▶ **INSTRUCTIONS TO FOLLOW**:
Every entry below has to appear again in your reply, word for word, but no picture may.

▶ **RECORD EXCERPTS**:
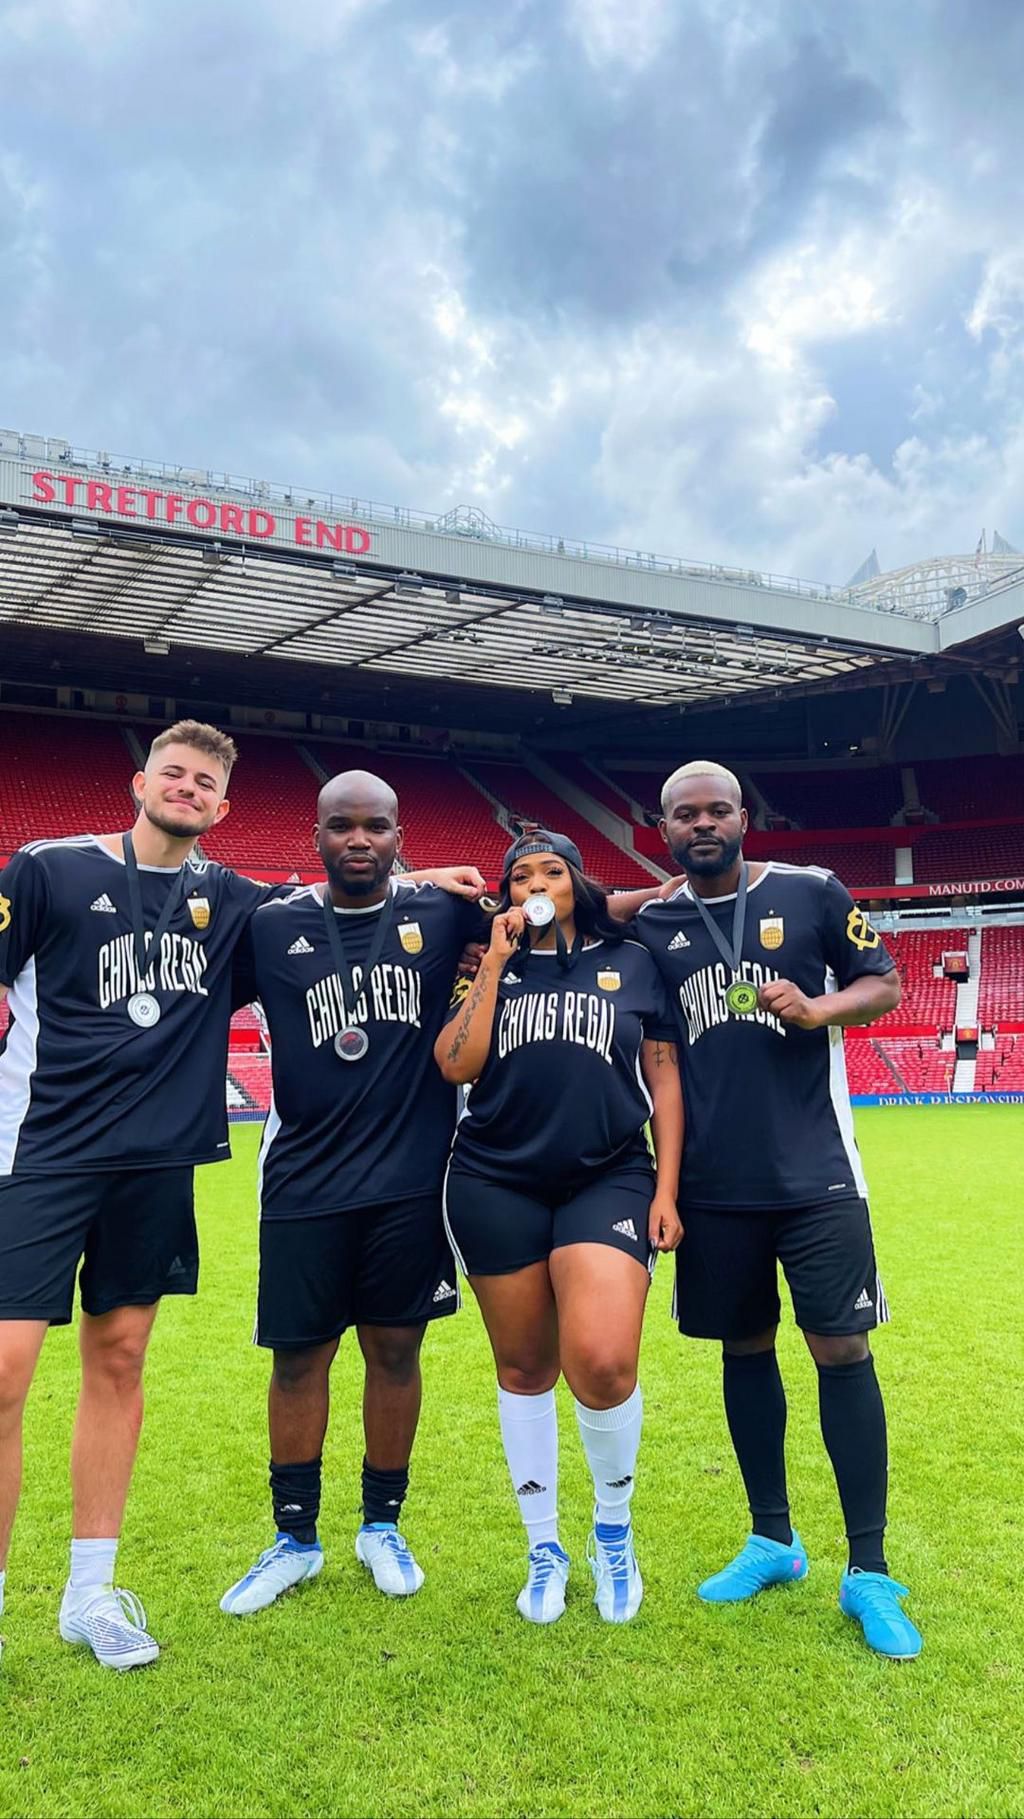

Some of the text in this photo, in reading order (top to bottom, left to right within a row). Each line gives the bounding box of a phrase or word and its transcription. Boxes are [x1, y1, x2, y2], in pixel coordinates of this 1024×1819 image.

[32, 471, 371, 555] STRETFORD END
[929, 880, 1024, 896] MANUTD.COM
[160, 932, 209, 996] REGAL
[667, 940, 691, 951] adidas
[370, 963, 422, 1029] REGAL
[499, 992, 559, 1059] CHIVAS
[562, 991, 615, 1066] REGAL
[680, 962, 730, 1046] CHIVAS

▶ **SOLUTION BELOW**:
Some of the text in this photo, in reading order (top to bottom, left to right within a row). Each line gives the bounding box of a phrase or word and its transcription. Boxes are [x1, y1, x2, y2], in pixel coordinates of this 1024×1819 image.

[32, 471, 371, 555] STRETFORD END
[929, 880, 1024, 896] MANUTD.COM
[160, 932, 209, 996] REGAL
[667, 940, 691, 951] adidas
[370, 963, 422, 1029] REGAL
[499, 992, 559, 1059] CHIVAS
[562, 991, 615, 1066] REGAL
[680, 962, 730, 1046] CHIVAS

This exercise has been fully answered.